By Joe Giordano II Contributing Writer

 

Consider the following situation: your parent or family member commits a crime. The police come to investigate the crime and decide to punish both you and your parent even though you had nothing to do with crime. This makes little to no sense and most people would complain that such a punishment is unfair and unjust.

However, this unfair treatment of people who have nothing to do with crimes has become almost a precedent among college sports. The NCAA and universities across the country have consistently punished student athletes for the infractions of university presidents and coaches. Many of these infractions have nothing to do with the athletes themselves, yet they are punished as such. Most recently, Syracuse University announced they would be putting a self-inflicted postseason ban on the men’s basketball team due to an ongoing investigation run by the NCAA. The student athletes themselves committed no crime but rather the coaching staff of the university. But in the long run, who is this punishment really affecting? The short answer: the players.

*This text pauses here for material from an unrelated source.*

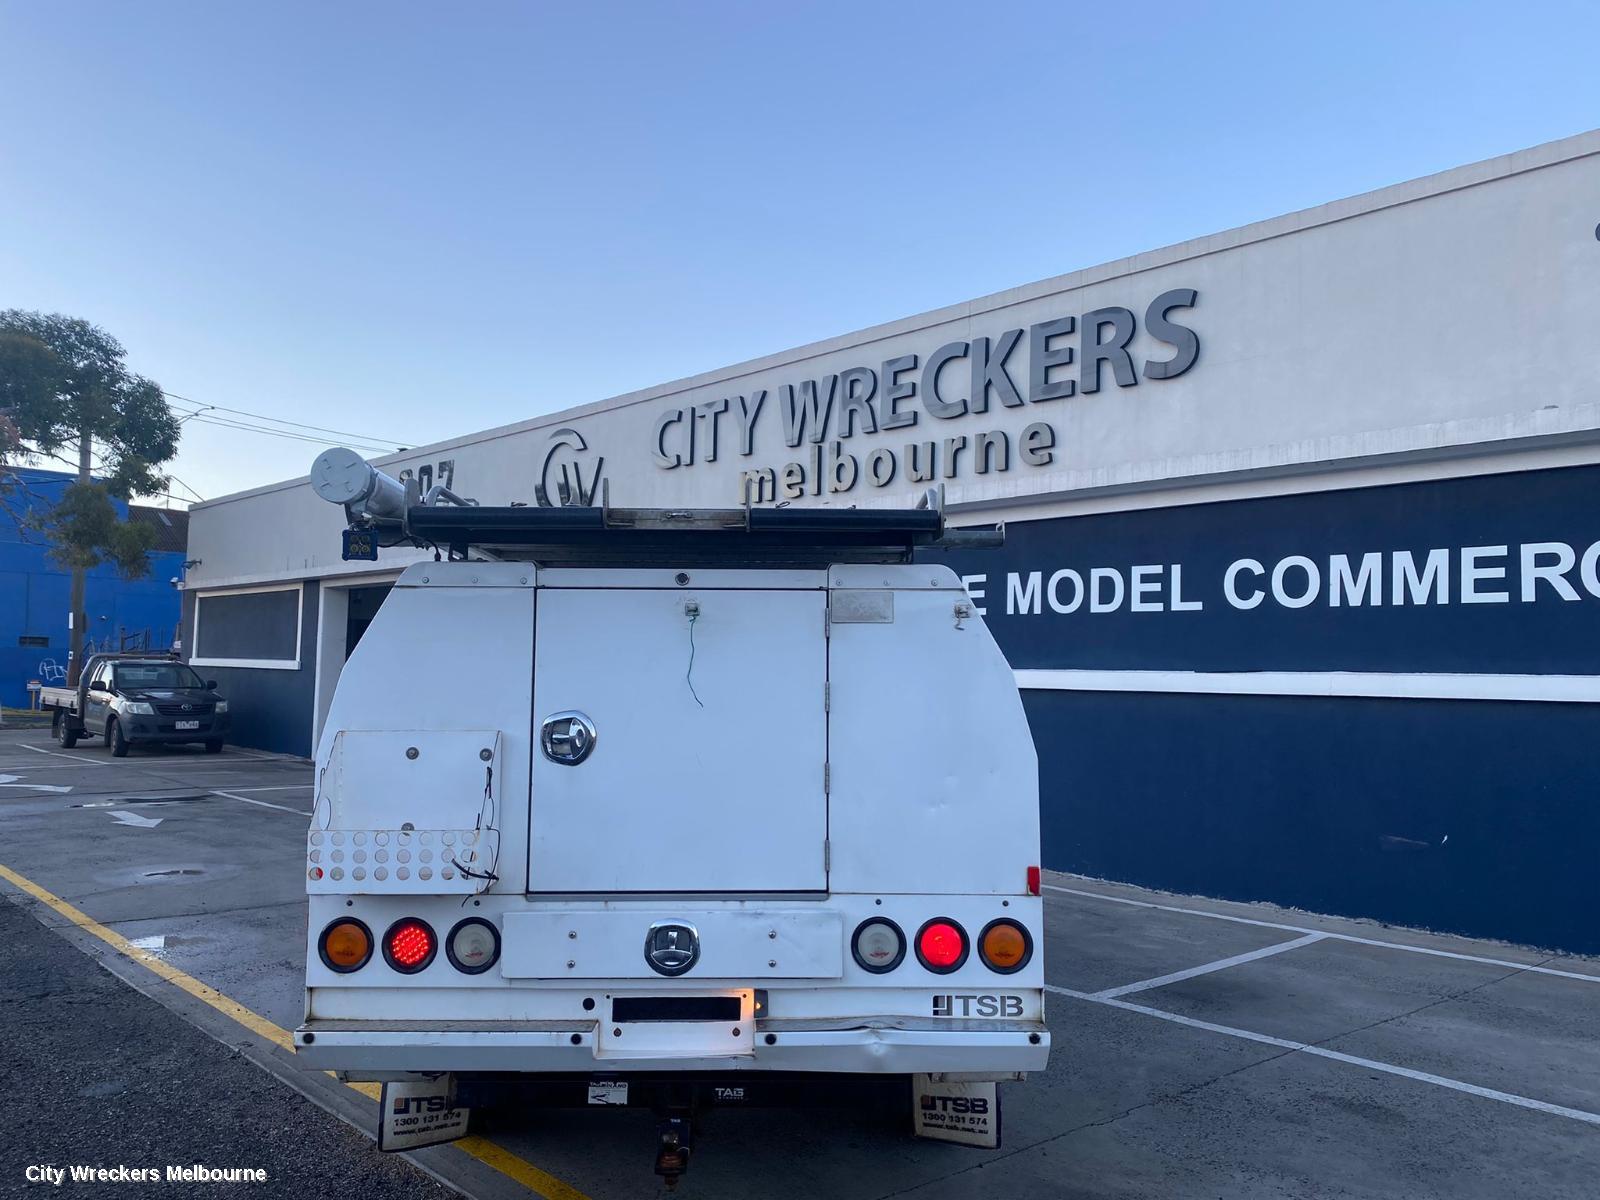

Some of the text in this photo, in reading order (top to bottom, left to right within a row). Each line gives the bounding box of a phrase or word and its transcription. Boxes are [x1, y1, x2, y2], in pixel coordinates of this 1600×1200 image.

The NCAA is currently investigating whether or not the Syracuse men’s basketball team, specifically head coach Jim Boeheim, committed recruiting violations. The self-inflicted ban on postseason play is Syracuse’s attempt to take the “moral high ground.” However, many find it convenient that the year that Syracuse has a lackluster team by their standards is the year they decided to take this ban. Also, many people view this as Syracuse’s attempt to get out of the expected NCAA-mandated punishments. They feel as though if they get ahead on the punishments, the NCAA will go easier on their punishment and it they will not be as severe. Instead of accepting Syracuse’s ban, the NCAA should look at this issue from another angle. They should keep one name in mind when discussing their punishment of the Syracuse basketball team: Rakeem Christmas. Rakeem Christmas is senior forward on the Syracuse team and now due to the sanctions placed on the program, will never play another NCAA tournament game again. Christmas was quoted as saying last week, “We are all tremendously disappointed that we are going to miss out on playing in the postseason based on issues that do not involve us. However, we support our school and this won’t change how hard we will continue to work in practice and in games.” Christmas, a player who was worked hard for the Syracuse program for four straight years, will now be punished during his senior year and will not get another opportunity to compete for a national championship. He and the rest of the team had nothing to do with the sanctions, yet they are the ones who are truly being penalized by them.

The NCAA should change the ruling set forth by the university and suspend the people actually responsible for the violation, the coaching staff. The ones actually responsible for the crime should be the ones to take blame, not the players. Let the players play and punish the criminals.

This is not the first time the NCAA has stood by and let those innocent of any infractions take punishment. A prominent example was the Penn State football program a few years ago. The football team suffered tremendously, yet some of the players on the team were not even born at the time of the scandals. The NCAA needs to look inwardly and find a way to change this precedent and help save the seasons of kids who did nothing wrong.